What’s your favourite piece of kitchen equipment?

I have a battered little Le Creuset omelette pan that I use for far more than just omelettes. And there’s a Japanese Kin knife with a blade like a razor. 

If you were on a desert island, what would you eat/cook?

Probably either some sort of risotto – so versatile, and so comforting if you were deprived of human company - or just a really simple, buttery roast chicken with a puddle of its juices. I often make mayonnaise or aioli to go with roast chicken, even when it’s hot. It melts into the juices in the most deliciously rich way.

What’s the biggest food trend we should all take note of?

I’m all for food as pleasure – the joy of eating, the discovery of new things - but the biggest food trend is actually a rather more serious one. It’s food security – how we’re going to feed the planet in the coming decades. Compared with population growth and climate change and peak oil prices, the rise and fall of the whoopie pie somehow seems rather insignificant. 

What’s the latest over-hyped fad we should avoid?

Cupcakes. 

What’s your food philosophy/motto in a single sentence?

Simple, doable, yummy. 

What do you love most about cooking/food?

It makes me happy and I hope it makes the people who eat my food happy too. Cooking is a way to spread the love. I also find it rather relaxing.  

Do you ever use cookbooks – and whose?

I don’t really use them directly anymore, unless I’m doing something really exotic and outside my comfort zone, though I certainly read them. They’re often my book at bedtime.

I have some oddities, like early 19th century books of French bourgeois recipes, and there are so many food writers and cooks I love and admire: Simon Hopkinson, Jane Grigson, Elizabeth David, Fergus Henderson, Mark Hix and Keith Floyd to name but a few.
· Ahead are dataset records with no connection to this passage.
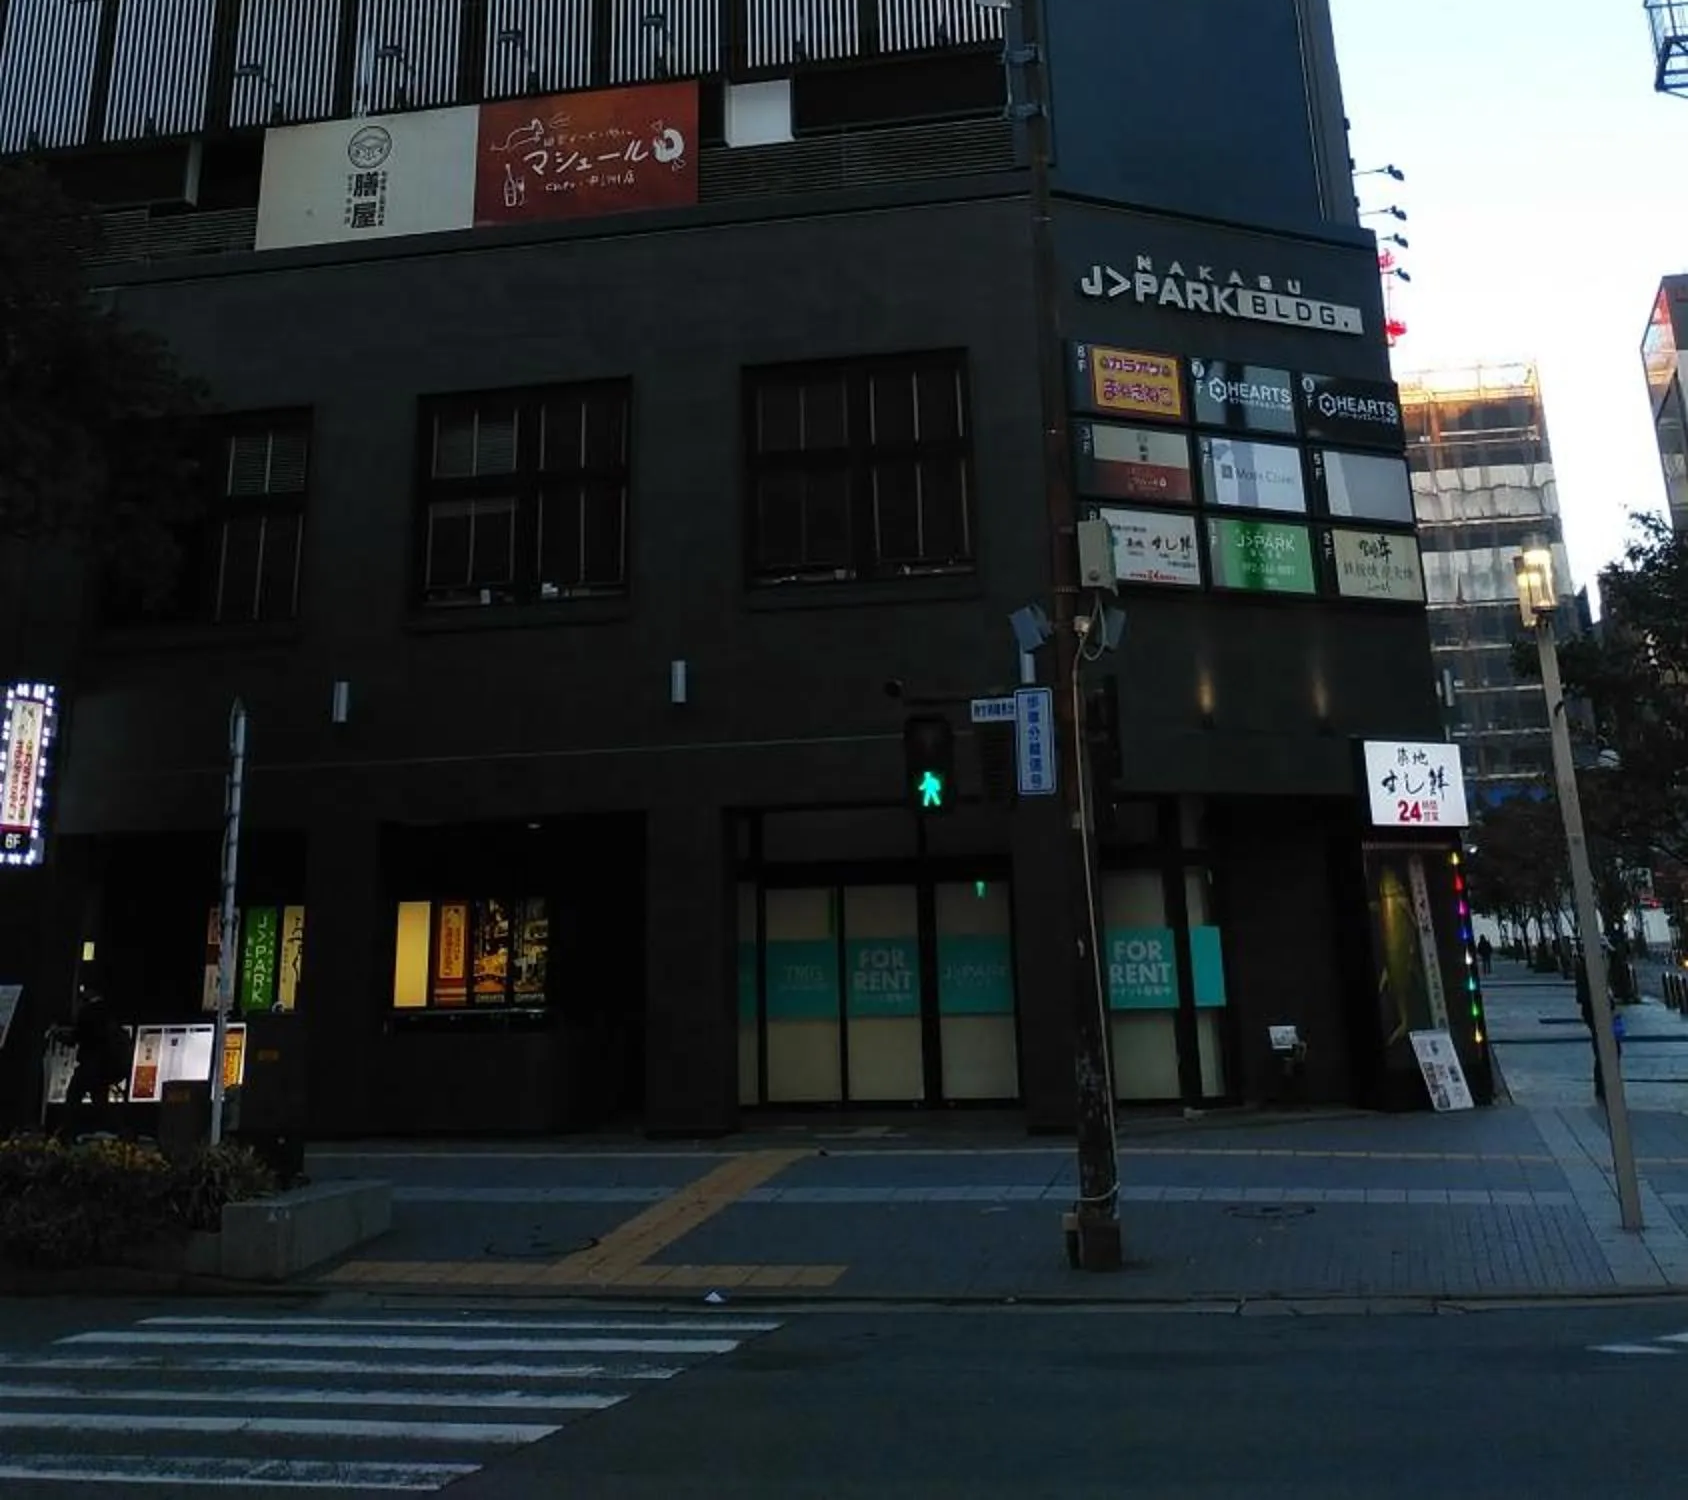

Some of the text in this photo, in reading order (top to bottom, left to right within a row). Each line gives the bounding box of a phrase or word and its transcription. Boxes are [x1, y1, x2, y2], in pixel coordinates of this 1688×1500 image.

[523, 138, 649, 177] マシュール
[1228, 381, 1292, 404] HEARTS
[1336, 395, 1397, 417] HEARTS
[1381, 766, 1450, 801] すし鮮
[1398, 799, 1422, 823] 24
[859, 948, 906, 969] FOR
[1113, 940, 1163, 962] FOR
[853, 970, 914, 992] RENT
[1109, 962, 1172, 985] RENT
There are also some books that are really useful for reference: things like the Leith’s bibles and my old copy of Patisserie by Gaston LeNotre.  

Which suppliers/producers do you think stand out from the crowd?

I love everyone at Maltby Street. They’re a group of inspired wholesalers and importers who used to be at Borough Market and now open up their warehouses near Tower Bridge to the public on Saturday mornings: people like the Ham & Cheese Co, who do the best Parma ham and amazing charcuterie; the St John bakery; brilliant fruit and veg from Booths; great cheeses from Neal’s Yard, Mons and Borough Cheese; Polish sausage from Topolski; La Grotta’s fabulous ice creams; the Kernel Brewery’s delicious beers and Raef Hodgson’s fantastic Gergovie Wines. It’s a hub of passion and integrity. 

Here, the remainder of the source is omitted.